Al momento nessuna altra teoria diversa da quella che riconosce il ruolo dell’idrope è in grado di spiegare una ipoacusia neurosensoriale fluttuante o meglio, come correttamente dovrebbe essere definita, una ipoacusia da disfunzione idromeccanica reversibile dell’orecchio interno, visto che gli elementi propriamente neurosensoriali, cellule ciliate e fibre nervose, sono in questo caso assolutamente intatti (o almeno non sono certamente responsabili dell’ipoacusia fluttuante) e non presentano alcuna lesione, che sarebbe incompatibile con fluttuazione  o reversibilità dell’ipoacusia.

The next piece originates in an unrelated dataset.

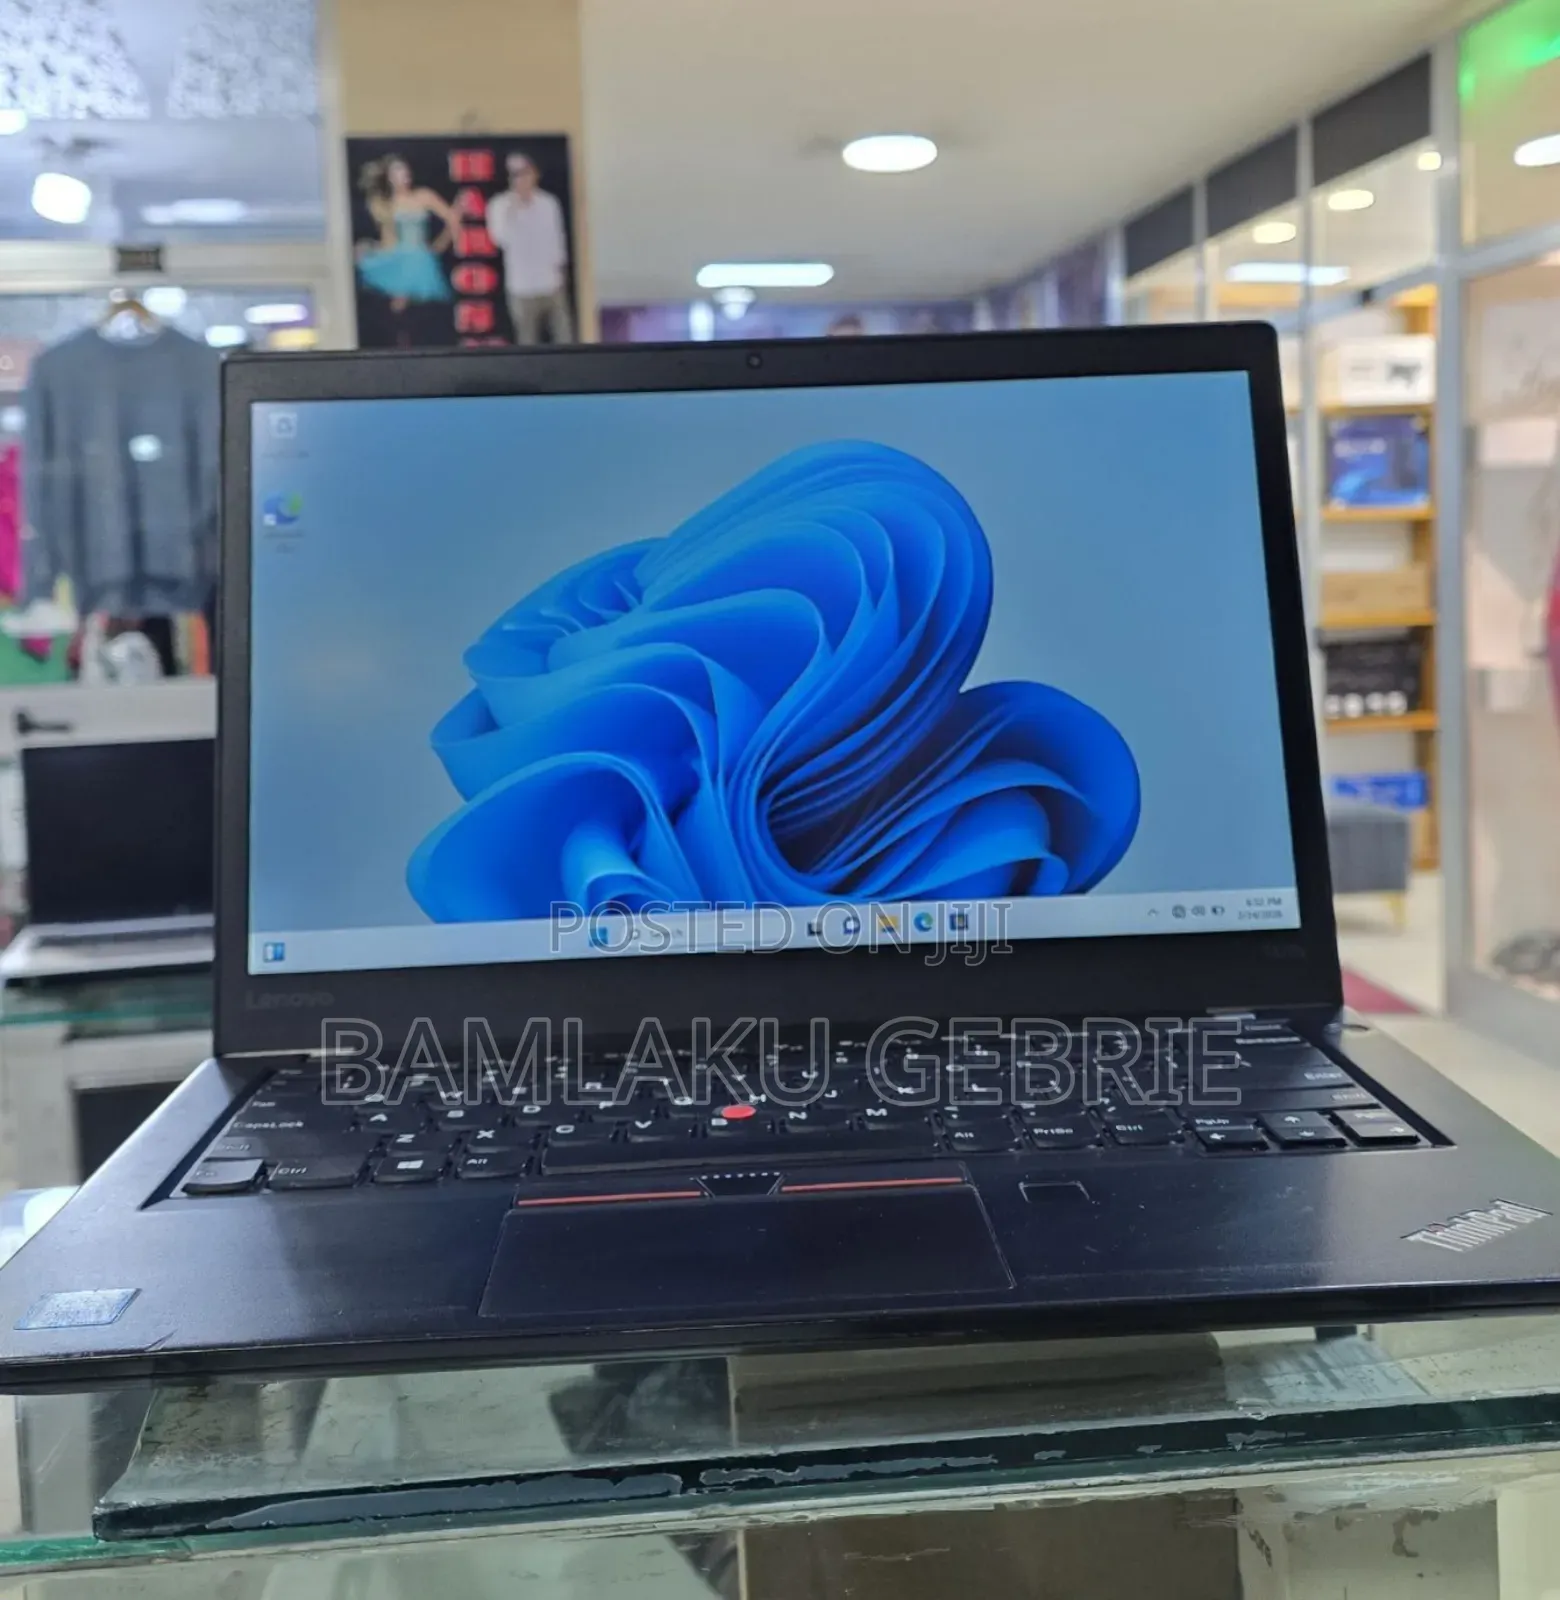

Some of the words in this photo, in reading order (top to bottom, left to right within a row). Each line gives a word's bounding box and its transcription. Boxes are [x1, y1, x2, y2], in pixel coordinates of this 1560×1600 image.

La tipica ipoacusia della Sindrome di Meniere, e quindi da idrope, comunque, stando a quello su cui tutti concordano è un’ ipoacusia, almeno all’inizio, fluttuante, a crisi episodiche, sebbene non sia assolutamente la regola assoluta che una ipoacusia che esordisca già dall’inizio come non fluttuante non possa essere dovuta ad un idrope persistente. E generalmente la maggior parte degli specialisti riconosce, in questo caso, a differenza che per l’acufene, l’inequivocabile ruolo dell’idrope, definendo però erroneamente in assenza di vertigini nella storia clinica del paziente questa situazione come “Ménière cocleare” o talvolta “Sindrome menieriforme”, il che mantiene ed aumenta la confusione circa il reale uso corretto, nella pratica clinica e nella ricerca scientifica,  del termine idrope o come più propriamente andrebbe chiamato “disfunzione idromeccanica dell’orecchio interno”, con i suoi molteplici aspetti con i quali può presentassi o evolvere.

FULLNESS

La sensazione di orecchio chiuso e/o pressione nell’orecchio (fullness) è sempre dovuta a una di queste tre possibili cause: ostruzione del condotto uditivo esterno, ad esempio da tappo di cerume; accumulo di secrezione a densità variabile dell’orecchio medio (otite catarrale o sieromucosa, glue ear), o a un idrope endolinfatico o forse anche più spesso perilinfatico dell’orecchio interno.

Nei primi due casi però è inevitabile l’associazione con una ipoacusia trasmissiva di tipo meccanico,  (e non neurosensoriale), dovuta all’ostruzione del meccanismo di conduzione aerea dell’orecchio esterno, nel caso del tappo di cerume, o all’impedimento alla normale vibrazione della membrana del timpano.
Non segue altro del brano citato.